7-inch: Ca Plane Pour Moi by Thee Headcoatees

1997 Sympathy for the Record Industry, SFTRI 485

Favorite Track: Ca Plane Pour Moi


I made a discovery last night that had me rolling on the floor. It was an unfinished book, a sequel actually, titled the Turdian Shithouse Revelations. It proposed to be a book about the truth, the Turd, and how life is harder to pin down than by simply being alive and observing it. It also has a fourth grader’s sense of humor, but one that is surprisingly refreshing. I won’t tell you how I got in contact with the authors on the spiritual plane (but it did involve a chicken egg, three stalks of celery, and short hairs of a well-known movie star) and was granted permission to copy my favorite section!

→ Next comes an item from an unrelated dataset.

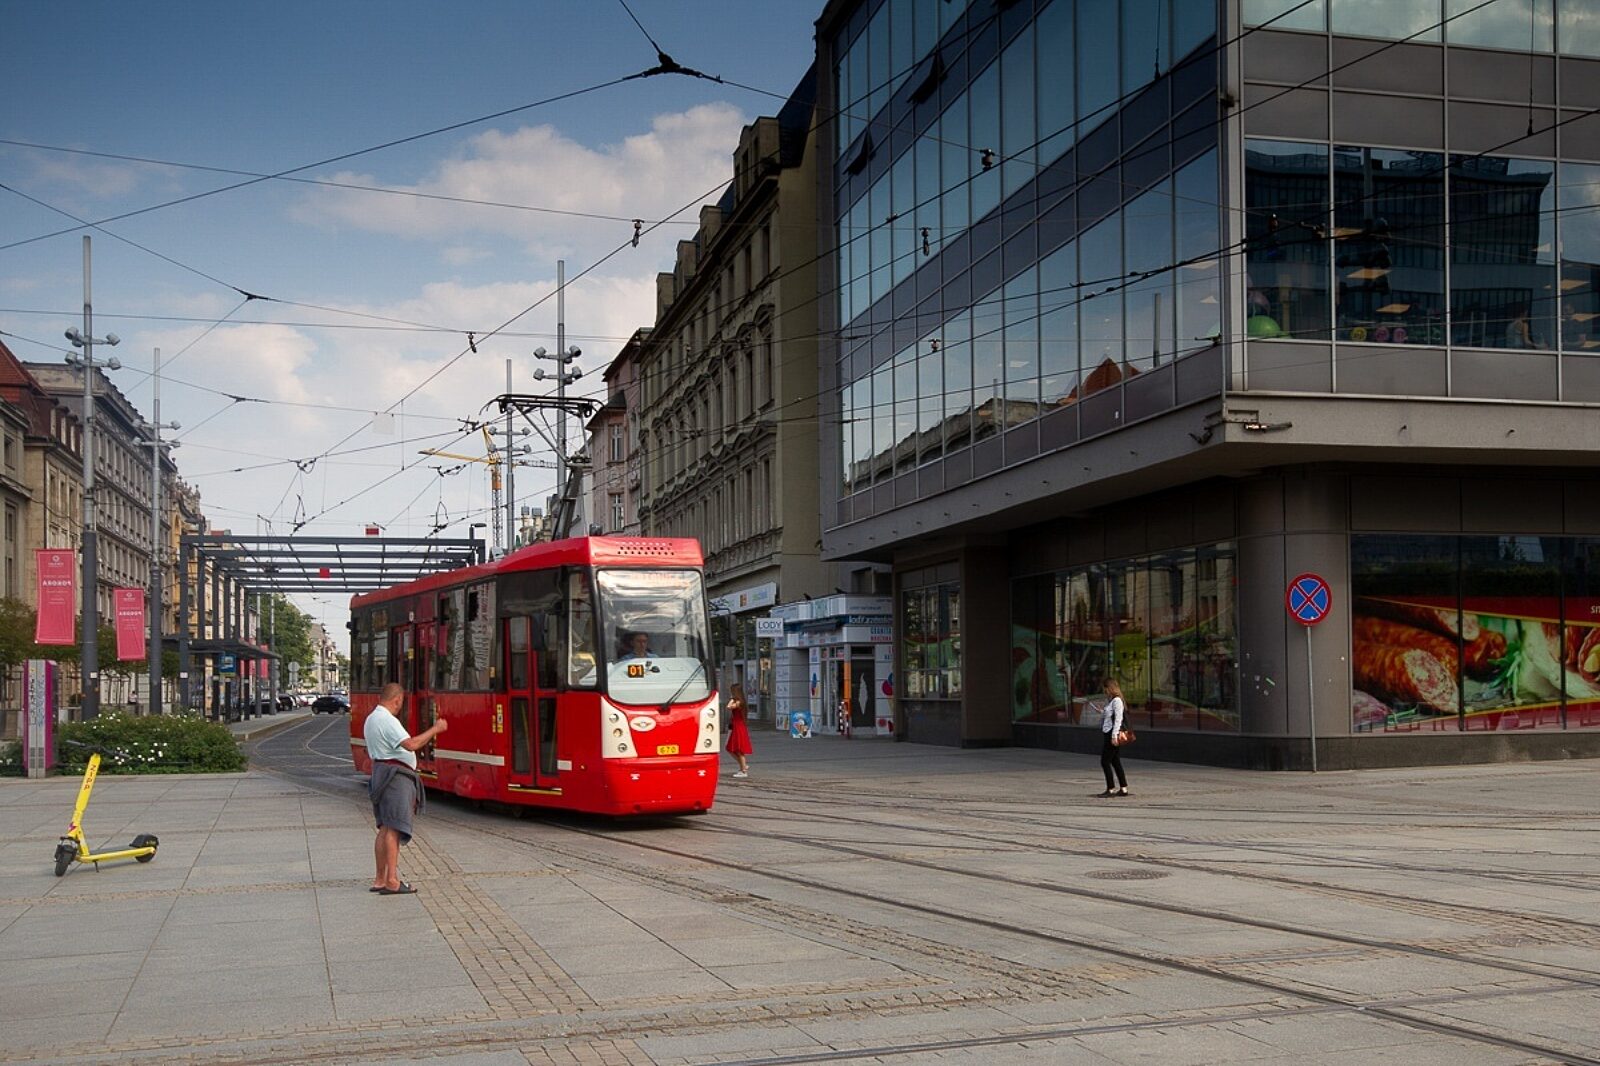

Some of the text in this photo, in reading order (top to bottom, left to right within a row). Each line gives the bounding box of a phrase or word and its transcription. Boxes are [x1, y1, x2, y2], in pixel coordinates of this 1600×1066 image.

Enjoy!

There are 27 current conspiracy groups and cult memberships that tell the truth in today’s universe. If you join any of these, your life will be short and abnormal. You will regret learning the horrible truth, however, your mind will be unlocked from the state-wide conditioning it has been put through. Good luck finding them. I told them never to call you back.

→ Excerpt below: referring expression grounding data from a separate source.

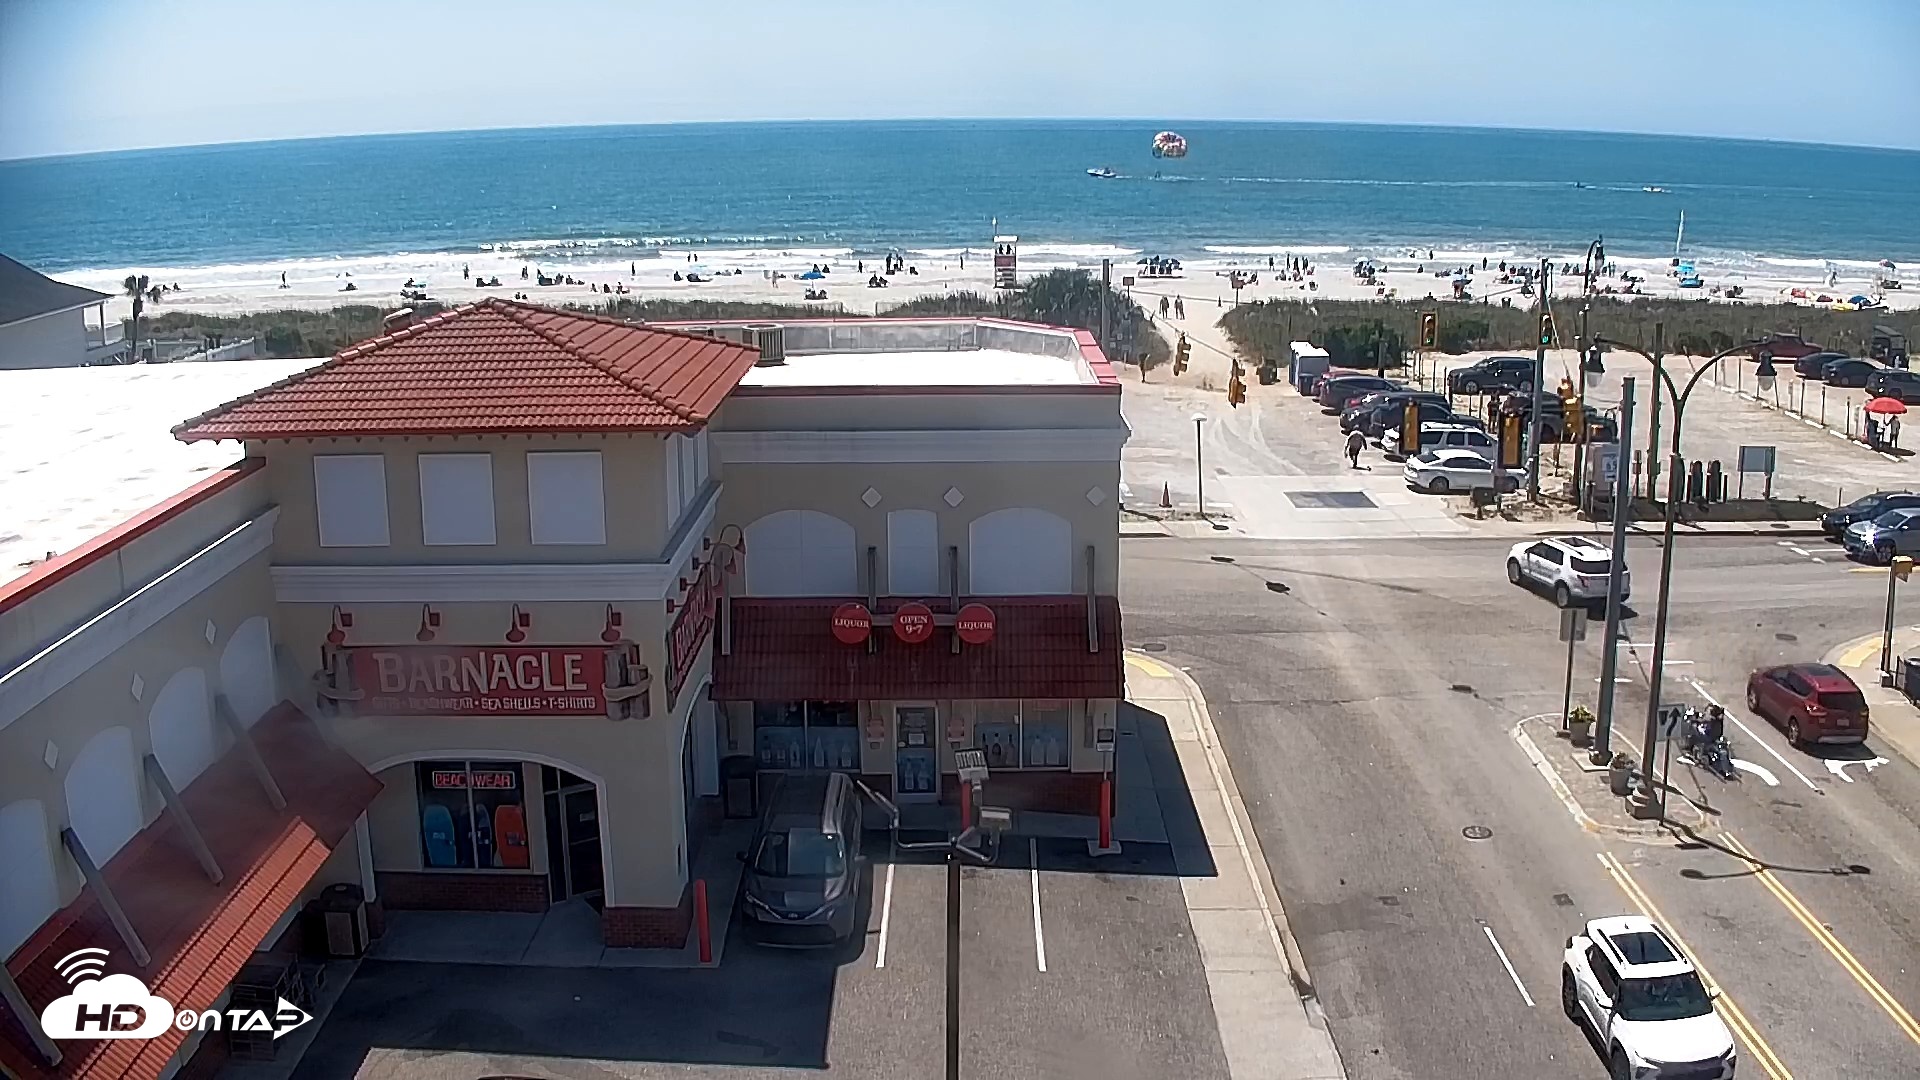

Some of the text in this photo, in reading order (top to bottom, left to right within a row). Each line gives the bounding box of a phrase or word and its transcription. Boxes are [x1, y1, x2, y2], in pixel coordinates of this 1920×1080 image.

[834, 618, 869, 629] LIQUOR
[900, 615, 928, 624] OPEN
[905, 625, 924, 634] 9-7
[958, 621, 993, 630] LIQUOR
[372, 652, 588, 694] BARNACLE
[547, 697, 596, 710] T-SHIRTS

  1. The Turds – Assholes and philosophers. Status: Easily avoided. Membership: 7 billion.
  2. The Tubians – Fanatic, lustful. Status: Lightning strikes twice. Membership: Probably 4.
  3. Moon Nazis – Fascist, mooney. Status: Can be seen on a clear night. Membership: 144.
  4. Space Whalers Association – Slick, spermy. Status: There she blows! Membership: 36.
  5. Teenagers – Moody, anti-social. Status: Always hungry. Membership: 2 1/2 billion.
  6. Controlled Bigots – Silent, hateful. Status: Medium rare. Membership: 77 million.
  7. Faggy Poets – Desperate, needy. Status: You never who is and who isn’t? Membership: ?
  8. Psychotic Mind-Readers – Irate, ornery. Status: More than you think. Membership: x>?
  9. Porno Jihadists – Duty-bound, well-hung. Status: Making more everyday. Membership: x>? + x>? squared + x>? cubed + etc.
  10. Carpetbaggers – Folksy, traditional. Status: Extinct. Membership: 0.
  11. Joggers – Athletic, paranoid. Status: Sun risers. Membership: 200 million.
  12. Hallucinating Baptists – Holy, high. Status: Coming down. Membership: <
  13. Apocalyptic Astronauts – Weird, thin. Status: Mostly Russian and American. Membership: 27.
  14. Diabolical Grabbag of Fetishes – Inquisitive, gay. Status: Neon lights. Membership: Debatable.
  15. Unbalanced Librarians – Nerdy, Eccentric. Status: Overdue. Membership: 501.
  16. Magnetic Sterilizers – Loose, edgy. Status: Hospital parking lots. Membership: 100,000 thousand.
  17. Spirited Atheists – Contrary, nocturnal. Status: Potential. Membership: x=x.
  18. Careful Readers – Bookish, blind. Status: Page-turning. Membership: 6 billion and two.
  19. Degrading Street Performers – Untalented, broke. Status: Avoid subways. Membership: 1 million.
  20. Corporate Tax Lawyers – Evil, type A. Status: Submitted to IRS. Membership: Being recounted.
  21. Virginal Venusians – Hot, bothered. Status: Dying out. Membership: > or equal to 100.
  22. Jurassic Mathematicians – Scaly or feathery. Status: Ancient. Membership: Riding a comet somewhere.
  23. Assailing Asseyes – Anarchic, valuable. Status: Unlimited. Membership: Infinity.
  24. Full-Moon Psychologists– Thoughtful, temperamental. Status: Once a month. Membership: 28-31.
  25. The Twenty-Five Masked Fat People – Fat, masked. Status: Dwindling. Membership: 19.
  26. New Age Illuminati – New, aged. Status: Bavarian, like a pretzel. Membership: Fortune 500.
  27. The Truth – Liar, pants on fire. Status: Determined. Membership: 0.